Я уже давно не упоминал о месье Пеле; кажется, прогулка при луне – последний эпизод повествования, в котором этот джентльмен сыграл заметную роль, однако с тех пор характер наших отношений переменился. Не подозревая о том, что ночная тишина, лунная ночь и распахнутое окно выдали мне тайну его эгоистичной любви и фальшивой дружбы, месье Пеле по-прежнему был обходительным и любезным, я же стал колючим, как дикобраз, и несгибаемым, как дубинка из шипастого терновника; у меня никогда не находилось ни единой улыбки в ответ на его шутки, ни одной минуты для того, чтобы составить ему компанию; приглашения на кофе к нему в гостиную я неизменно отклонял, притом делал это чопорно и сухо; насмешливые замечания в адрес директрисы, которые он по-прежнему отпускал, я встречал мрачным молчанием, бесконечно далеким от удовольствия с оттенком раздражения, возбуждаемого ими поначалу.
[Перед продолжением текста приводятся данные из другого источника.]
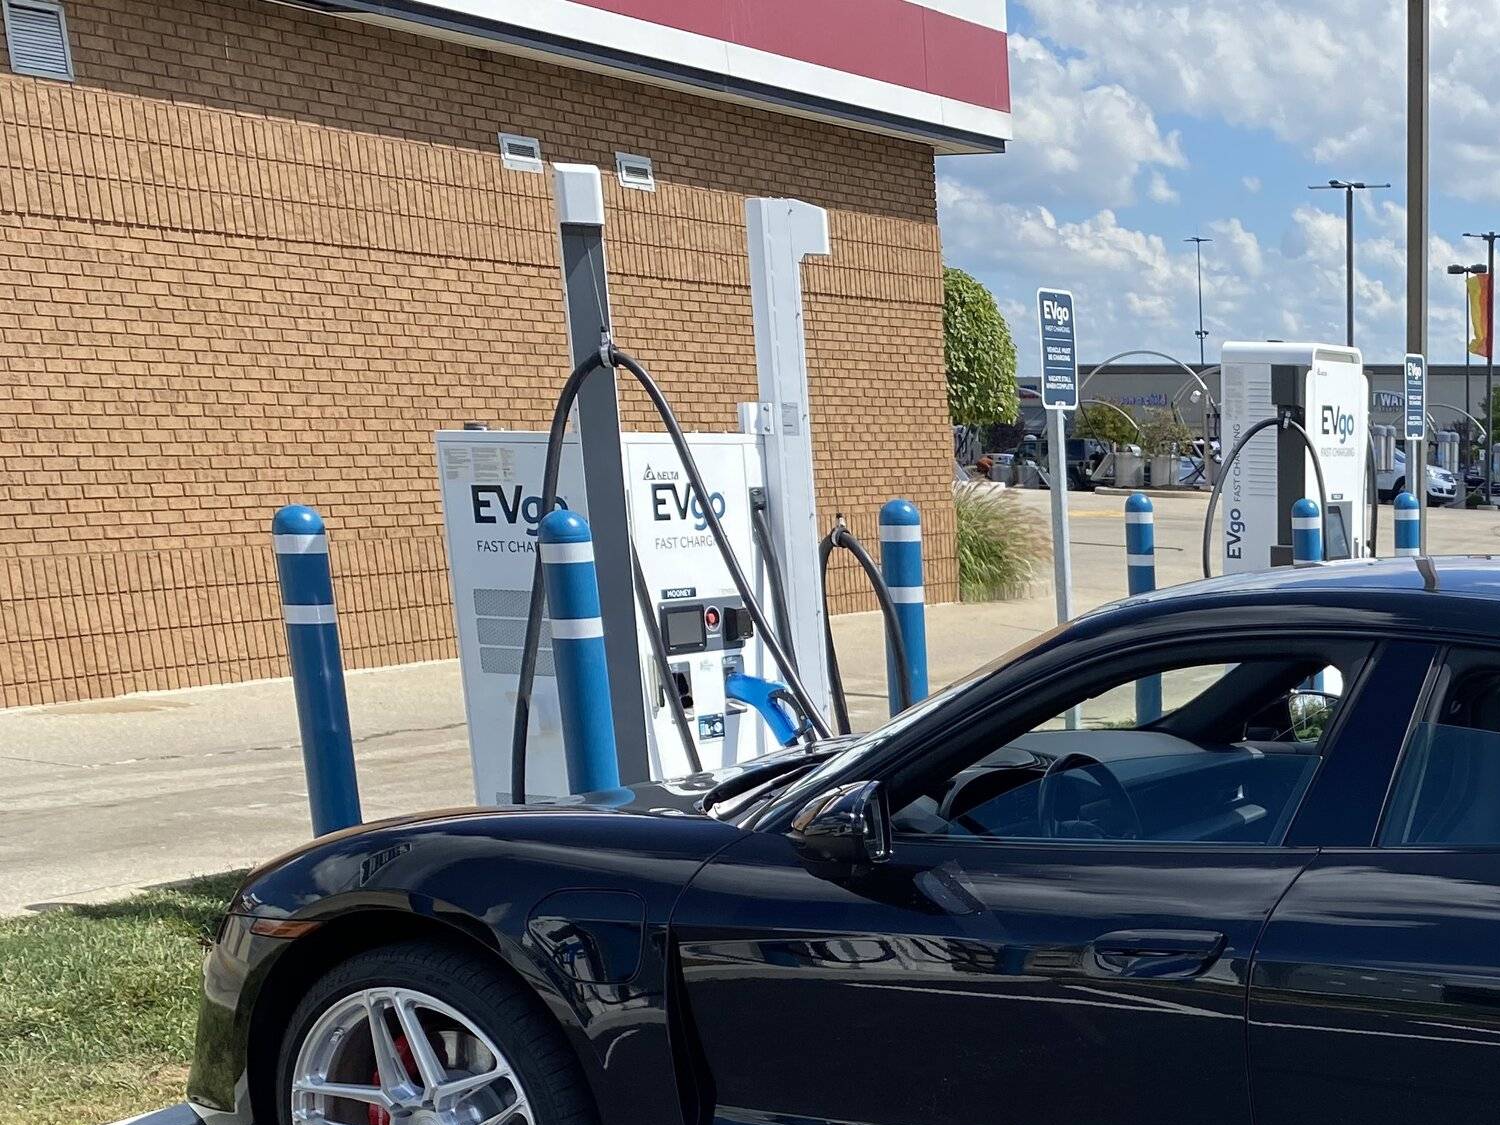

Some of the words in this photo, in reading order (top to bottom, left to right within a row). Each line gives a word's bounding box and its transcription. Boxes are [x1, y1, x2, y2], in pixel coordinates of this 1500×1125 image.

[1043, 300, 1069, 325] EVgo
[1321, 405, 1354, 444] EVgo
[651, 482, 726, 531] EVgo
[477, 540, 504, 553] FAST
[655, 537, 679, 550] FAST
[680, 535, 715, 549] CHARG
[1227, 508, 1246, 559] EVgo
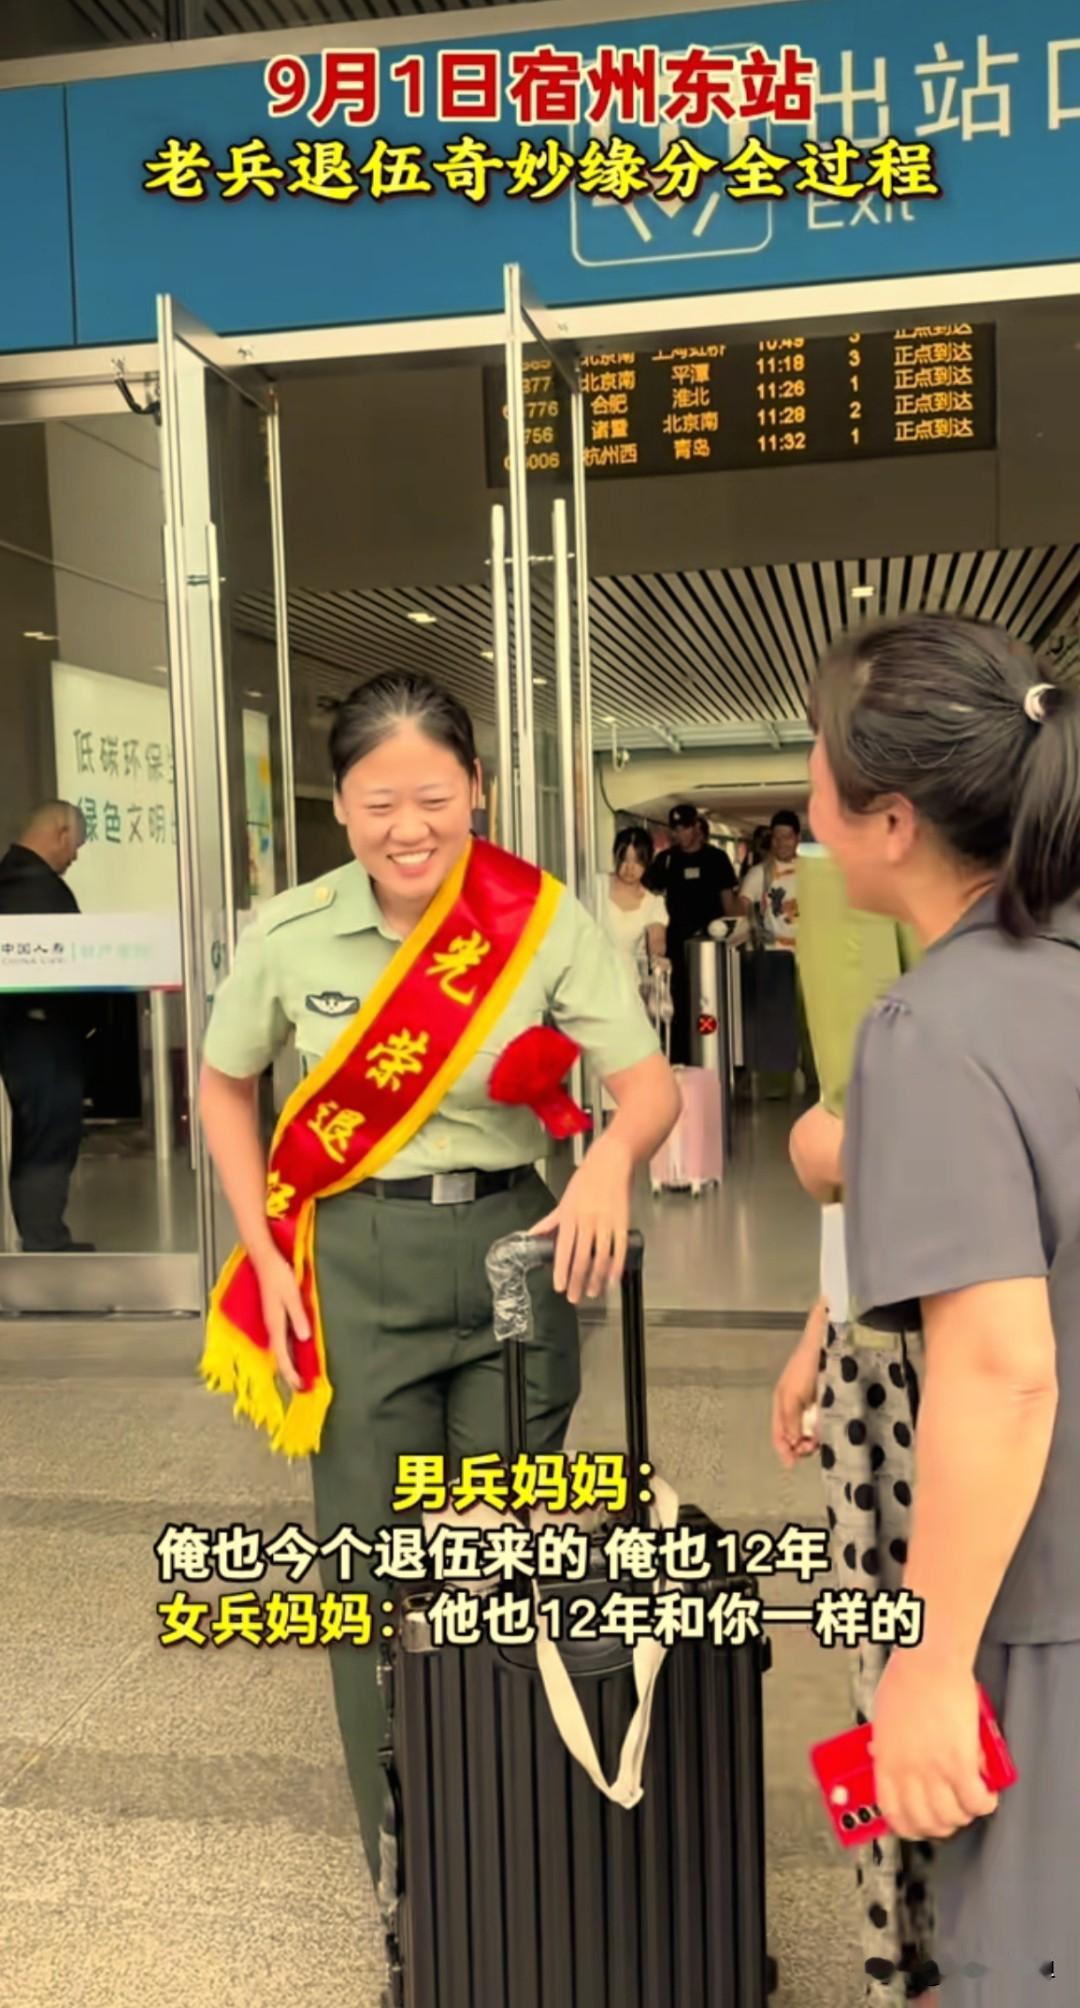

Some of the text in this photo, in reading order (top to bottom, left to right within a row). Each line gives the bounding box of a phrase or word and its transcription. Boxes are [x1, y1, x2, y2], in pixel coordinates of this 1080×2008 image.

Довольно долго Пеле терпел мою холодность и даже стал еще любезнее, но, убедившись, что вежливость на грани подобострастия не растопит лед и не тронет меня, он наконец тоже переменился, в свою очередь, охладел, его приглашения прекратились, взгляд стал подозрительным и недовольным, и по озадаченной, но мрачной нахмуренности его бровей я видел, что он постоянно изучает и сопоставляет что-то, силясь сделать выводы, которые дали бы хоть какое-нибудь объяснение. Вскоре мне стало ясно, что в этом он преуспел, так как был не лишен проницательности, а может, и мадемуазель Зораида помогла ему разгадать эту загадку, – так или иначе, я обнаружил, что его манеры покинула нерешительность, что он перестал изображать дружбу и сердечность и начал держаться сдержанно, официально, но по-прежнему безукоризненно вежливо. К этому состоянию я и стремился привести его и теперь чувствовал себя сравнительно спокойно. Да, мне не нравилось собственное положение в его доме, однако без лживых признаний и лицемерия оно было сносным, тем более что директор больше не сбивал с толку мою философскую натуру высокопарными чувствами ненависти или ревности. Я обнаружил, что он поразил далеко не самое мое уязвимое место, и рана быстро и надежно затянулась, осталось лишь легкое пренебрежение к предательству, которое ее нанесло, и стойкое недоверие к руке, способной нанести удар исподтишка.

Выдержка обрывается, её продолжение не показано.